Natalia Lacunza ha pisado hoy la capital por primera vez para una firma de discos imaginada muchas veces por sus fans. Los eilainers habían esperado 12 horas para verla de cerca y poder abrazarla, darle las gracias por su música y por sus valores humanos a los que siempre ha dado voz desde la Academia de Operación Triunfo. La pamplonesa entraba en el centro comercial con una sonrisa de oreja a oreja, símbolo de la humildad que le caracteriza y que siempre lleva por bandera. La mirada de Natalia irradia felicidad y una buena energía desbordante que se hace presente en cada abrazo, cada caricia y cada gesto de cariño que la joven regala a sus fans. No solo te conquista con su talento para la música, sino que cuando le conoces en persona te gana y se te agranda un poco más el corazón. Tímida en las distancias cortas, alegre, humilde, profesional, siempre agradecida y respetuosa con su público.

Arriba las mamarrachas

La gente se revoluciona para que Natalia coja el micrófono y cante algo. Lo hace por primera vez para entonar el himno del mamarracheo, Este amor ya no se toca, con baile incluido. La cantante asegura que no tiene bien la voz pero a pesar de eso, accede a los deseos de sus fans. Ha tenido regalos de todo tipo, desde pancartas, dibujos, peluches, un vinilo y una sudadera de Billie Eilish, una de sus artistas favoritas, una sudadera de Don’t Ask y una banda del colectivo LGTB en el que se podía leer “ganadora”, entre muchas otras cosas.

Todos quieren a Natalia

El gran grito de guerra ha sido “Natalia Lacunza te amamos” que han coreado todos al unísono. Tampoco han faltado los ya míticos “Quiero un hijo tuyo”, “Natalia ganadora” o “Písame la cara”. Durante las más de dos horas de firma la gente también se ha venido arriba a gritos de “Bote, bote, bote, hetero el que no bote”.

Hubo algunas que sobrepasaron los límites y no la respetaron como merecía (parece ser que tiene que aceptarlo todo por el simple hecho de ser cantante, pero esto no debe ser así). Creo que es un error pensar que tienes todo el derecho del mundo a abusar de su confianza solo porque es conocida. Antes de ser artista, es persona y creo que eso a menudo se olvida. A pesar de eso, la mayoría de los fans le dieron todo su amor, con  calurosos abrazos, palabras de cariño y agradecimiento, cantando sus canciones, desde Sabes hasta Don’t Ask, con la que se despidió cantando un trocito. Además, aseguró que le hacía mucha ilusión que la gente la cantara. Uno de los momentos más bonitos llegó cuando se fundió en un abrazo con su padre Mikel que quiso acompañarle en esta cita tan especial.
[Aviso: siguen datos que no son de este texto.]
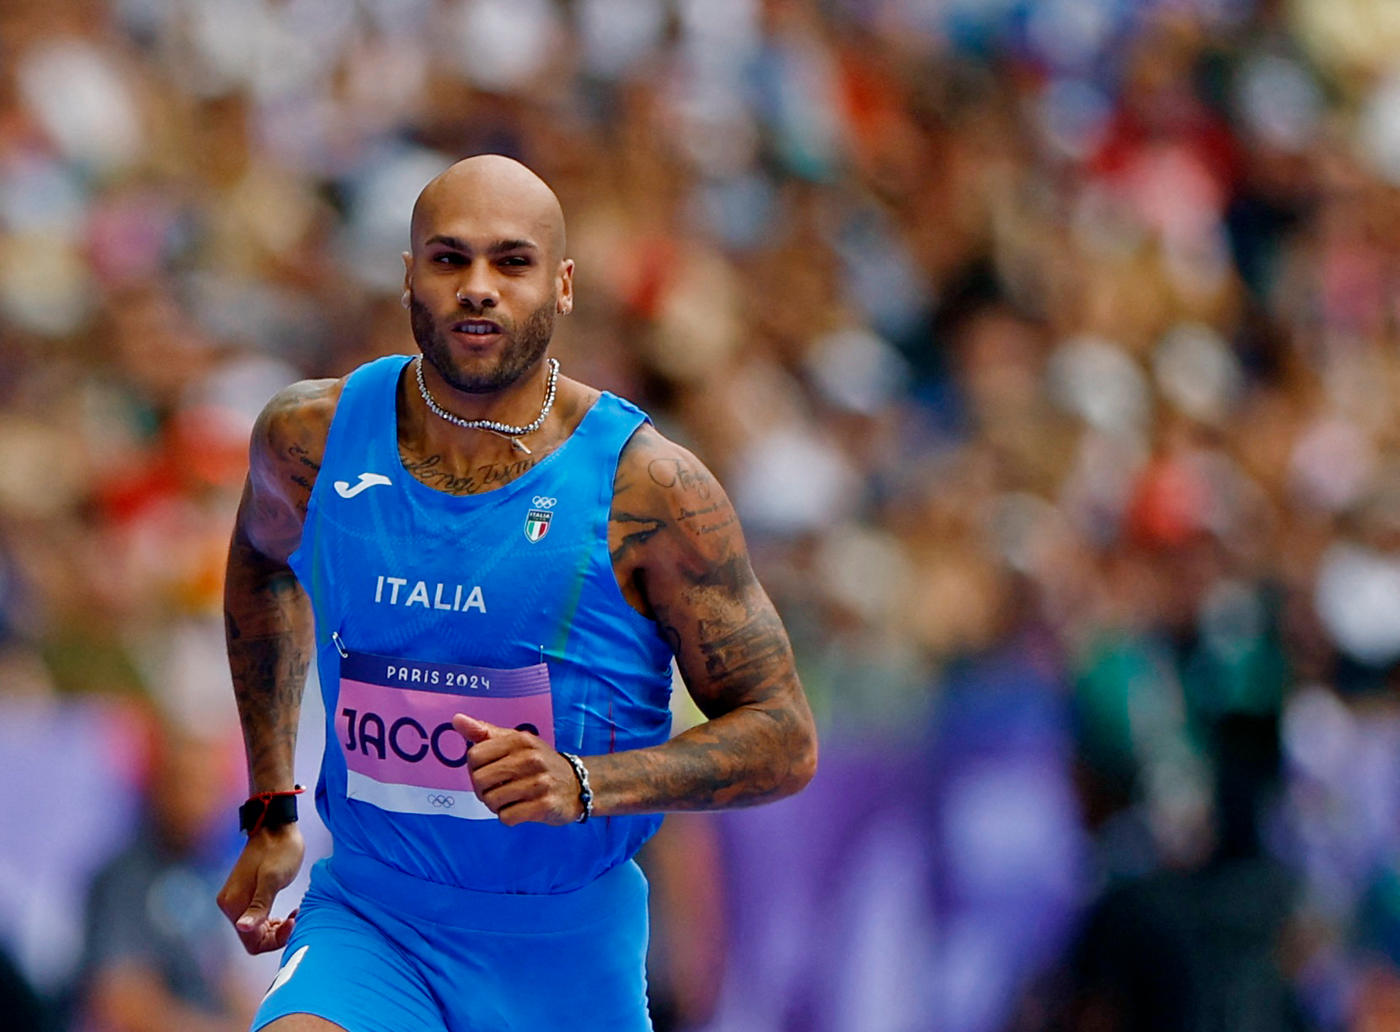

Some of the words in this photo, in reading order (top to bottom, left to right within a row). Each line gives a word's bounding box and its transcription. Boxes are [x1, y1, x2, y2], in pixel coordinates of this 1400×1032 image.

[374, 575, 487, 614] ITALIA
[445, 672, 490, 690] 2024
[342, 708, 539, 768] JACO
Natalia es esa joya que debemos cuidar para que no se desgaste. Esa mágica dualidad con la que siempre queremos reencontrarnos en los escenarios. Delicada y explosiva, sencilla y honesta. Queremos perdernos en su voz toda la vida porque tiene algo que engancha. Es un torbellino de talento pero también tiene eso que no se aprende en ningún sitio, que se tiene y ya está.

La joven se encuentra en el estudio preparando su primer disco, mientras que llega la fecha del próximo concierto de la gira de OT 2018 que tendrá lugar en su tierra, Pamplona.